In the West popular opinion moved slowly away from the first reactions to the outbreak of the war in Europe. The campaign of 1916 was won largely upon the slogan that President Wilson had kept us out of the war. Only Germany's reckless disregard of American rights on the sea in the submarine warfare finally brought the United States into the European contest. La Follette represented the Western viewpoint, remote from Europe and inclined to look with suspicion upon everything European and especially anything British. He blamed "the money power and the subjugated press" for instigating and sustaining the "clamor for war." He urged that "we should make it possible for the people to give voice to their deep convictions. Let us have an advisory vote upon this matter of war, that will serve as a dictaphone within the Chambers of Congress, through which the voice of the people -- the people who pay and who suffer -- shall indeed reach the ears of those who represent them and who have, under the Constitution, the sole power to declare war." Under the stress of war conditions, he went far beyond the mere proposal of a popular referendum upon war. He advocated policies that would have made the United States an accomplice of German militarism. His course inevitably led to the charges of disloyalty which were brought again him on account of certain statements made in a speech delivered in St. Paul in September 1917. These charges were investigated by a Senate Committee and were dismissed, upon recommendation of the Committee, by a vote of 50 to 21.

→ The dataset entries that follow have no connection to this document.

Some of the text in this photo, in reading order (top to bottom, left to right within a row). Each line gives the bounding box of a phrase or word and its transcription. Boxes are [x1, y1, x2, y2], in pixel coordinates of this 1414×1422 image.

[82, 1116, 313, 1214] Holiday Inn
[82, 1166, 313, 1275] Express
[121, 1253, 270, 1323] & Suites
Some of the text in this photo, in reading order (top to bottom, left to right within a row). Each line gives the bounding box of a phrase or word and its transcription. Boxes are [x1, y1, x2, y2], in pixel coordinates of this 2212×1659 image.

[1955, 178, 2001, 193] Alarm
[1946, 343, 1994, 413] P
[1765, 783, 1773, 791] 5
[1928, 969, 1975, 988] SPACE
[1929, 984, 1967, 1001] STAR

From April 7, 1917, to January 12, 1918, sixty different war measures were passed by Congress. La Follette supported and voted for fifty-five of these laws. He opposed only such measures as he regarded as undemocratic and un-American. At the same time, he acted throughout the war as if it were a matter of indifference to Americans whether or not the war ended with a victory for Germany. The local conditions in Wisconsin curiously fitted in with the attitudes he assumed. His practical pro-Germanism and his general opposition to war received widespread support in his own state because of its large German population and the strength of the local Socialist movement.

In spite of his sincerity and fearlessness, his ability as a political leader is so great that it is hardly conceivable that he failed to take account of these circumstances.

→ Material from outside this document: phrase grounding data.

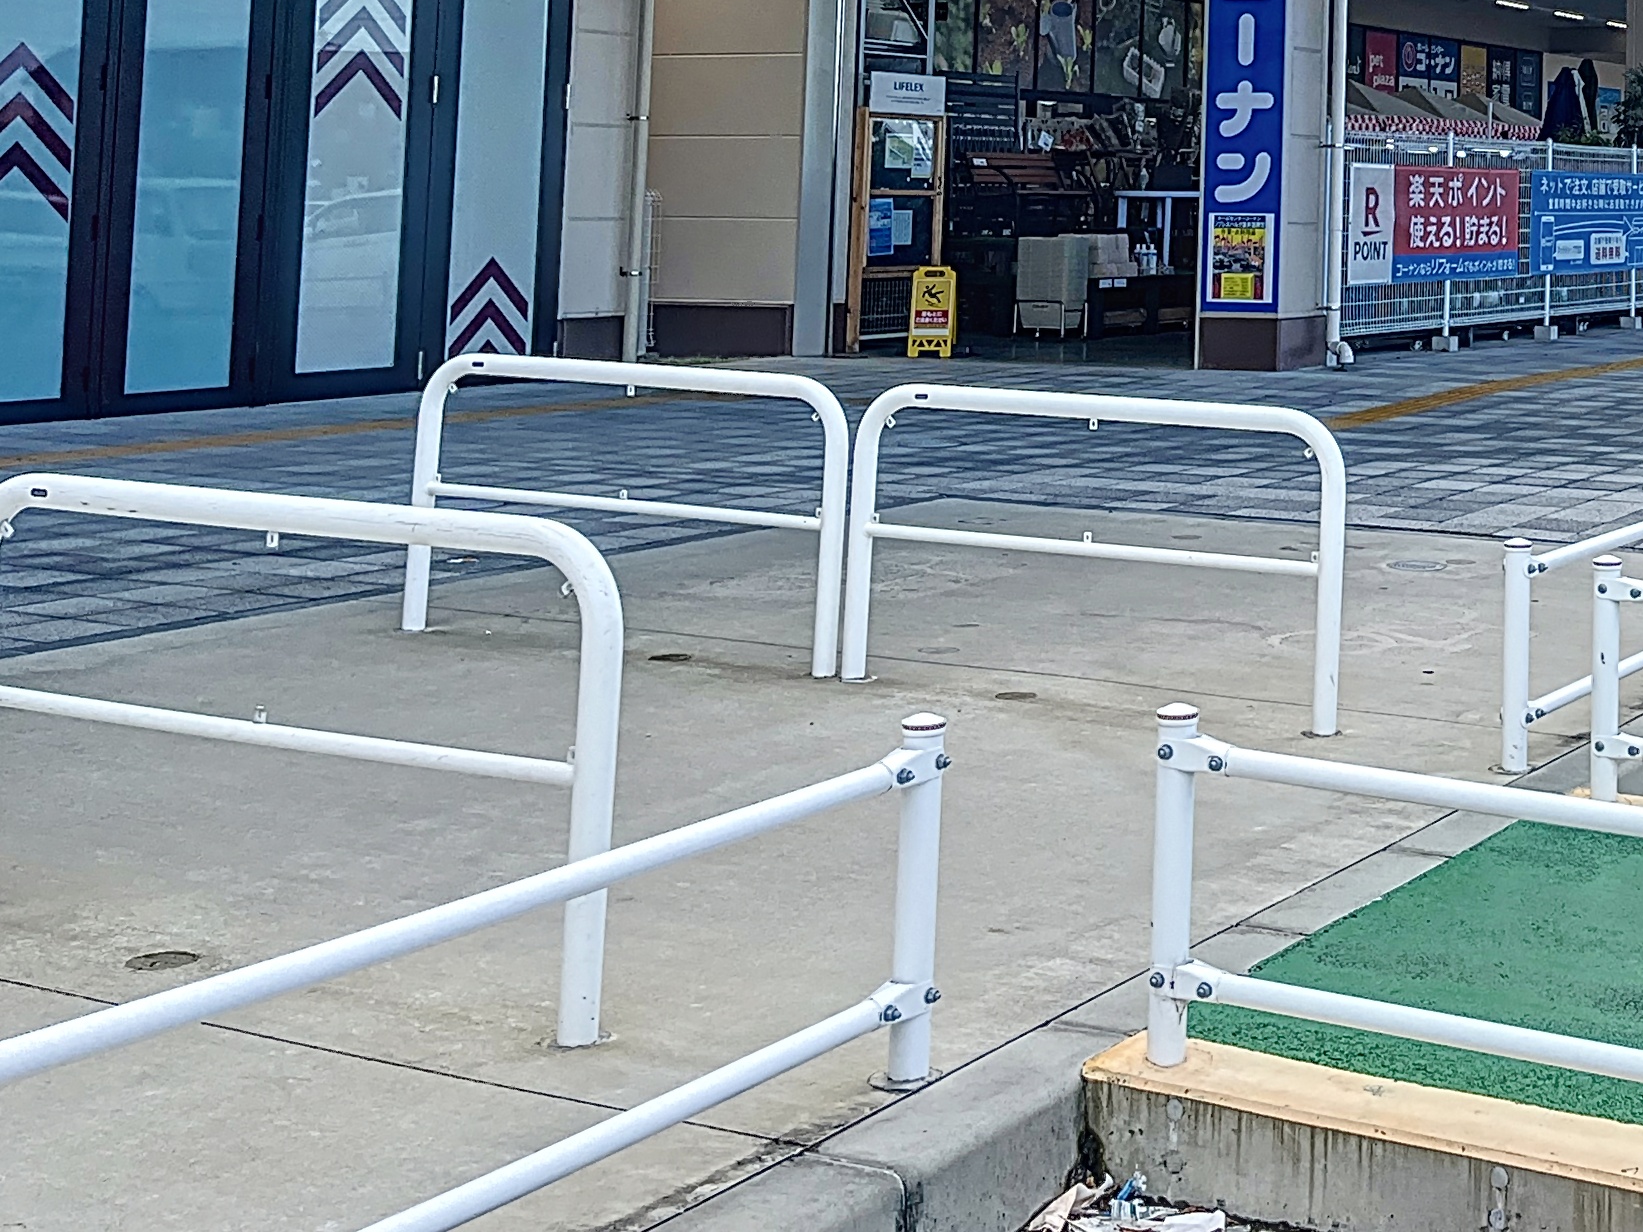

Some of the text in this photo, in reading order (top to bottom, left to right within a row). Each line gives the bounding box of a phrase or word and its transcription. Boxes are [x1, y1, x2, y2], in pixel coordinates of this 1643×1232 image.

[1368, 52, 1384, 72] pet
[893, 81, 925, 92] LIFELEX
[1372, 73, 1395, 88] plaza
[1408, 172, 1507, 208] 楽天ポイント
[1364, 186, 1381, 228] R
[1353, 241, 1389, 261] POINT

His return to influence and power in 1922 came as a result of the situation which developed in the West after the fall of the prices of agricultural products, which occurred in 1920. The lack of leadership and the policy of drift left the initiative to Congress. Dissatisfaction with existing conditions, and the failure of remedial action in Congress, brought Republican defeat in the Congressional elections of 1922. A combination of organized farmers and union labor elected Progressive or radical candidates in a number of Western states. These radicals or Progressives held the balance of power in both houses of Congress. They formed the so-called Progressive bloc, and under La Follette's leadership they dominated the last session of Congress. His survival as one of the early Progressives and his identification during the war with labor and radical movements made him the natural leader of the new opposition group. His own reelection to the Senate at the same tune confirmed his recognition as "the leader of the opposition." The accession to power in England of the Labor Party, under the leadership of Ramsay MacDonald, suggests a comparison between La Follette and MacDonald. A general similarity between the two men as to their attitude toward war and their rehabilitation as leaders, adds to the natural tendency to compare them. His emergence as a leader after ten years of isolation is the more remarkable since it has happened without any change in his official status as a Senator and without the formation of a new party.

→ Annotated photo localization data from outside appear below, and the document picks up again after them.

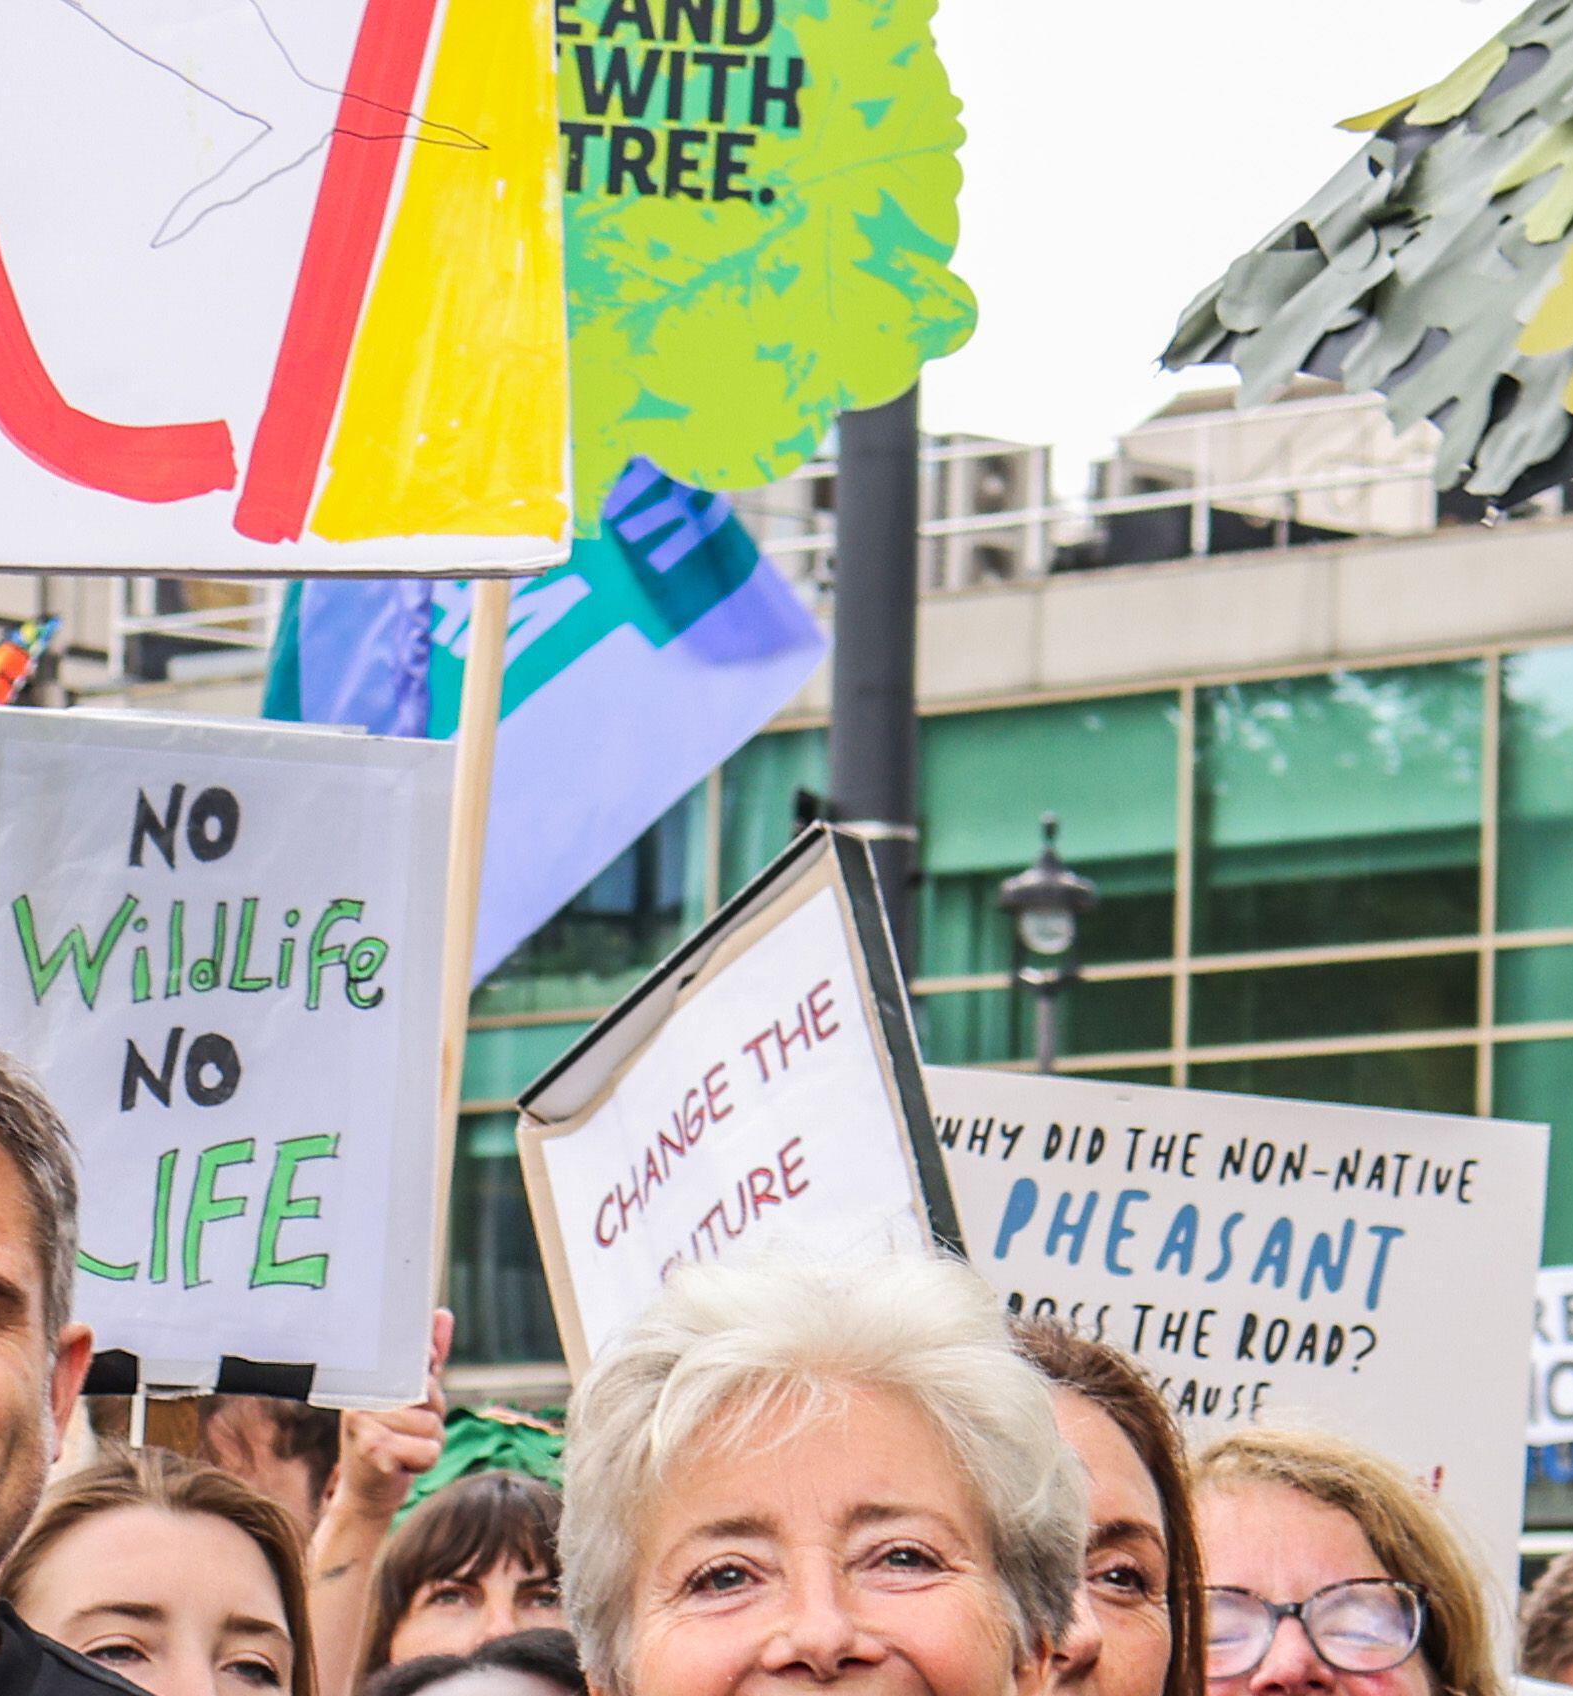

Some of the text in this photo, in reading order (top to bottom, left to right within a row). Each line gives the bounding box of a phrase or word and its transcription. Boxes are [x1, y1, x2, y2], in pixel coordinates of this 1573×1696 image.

[575, 44, 805, 129] WITH
[560, 121, 775, 206] TREE.
[128, 782, 241, 870] NO
[120, 1026, 241, 1113] NO
[594, 979, 842, 1249] CHANGE THE
[935, 1115, 1482, 1205] WHY DID THE NON-NATIVE
[993, 1177, 1407, 1312] PHEASANT
[1133, 1303, 1219, 1360] THE
[1236, 1311, 1380, 1375] ROAD?

In his new period of leadership La Follette represents the progressivism of 1912 brought down to date in the personality of one man and modified by the war experience. He seems now to appeal to the class interests of farmers and workers rather than to the general public welfare of the country as a whole. He is attempting to organize the forces of discontent for the accomplishment of immediate results. His programme is one of strategy rather than of statesmanship. He is the organizer of a bloc system intended to destroy the two-party system as it now exists, leaving to the future the problem of the formation of new parties to replace the old.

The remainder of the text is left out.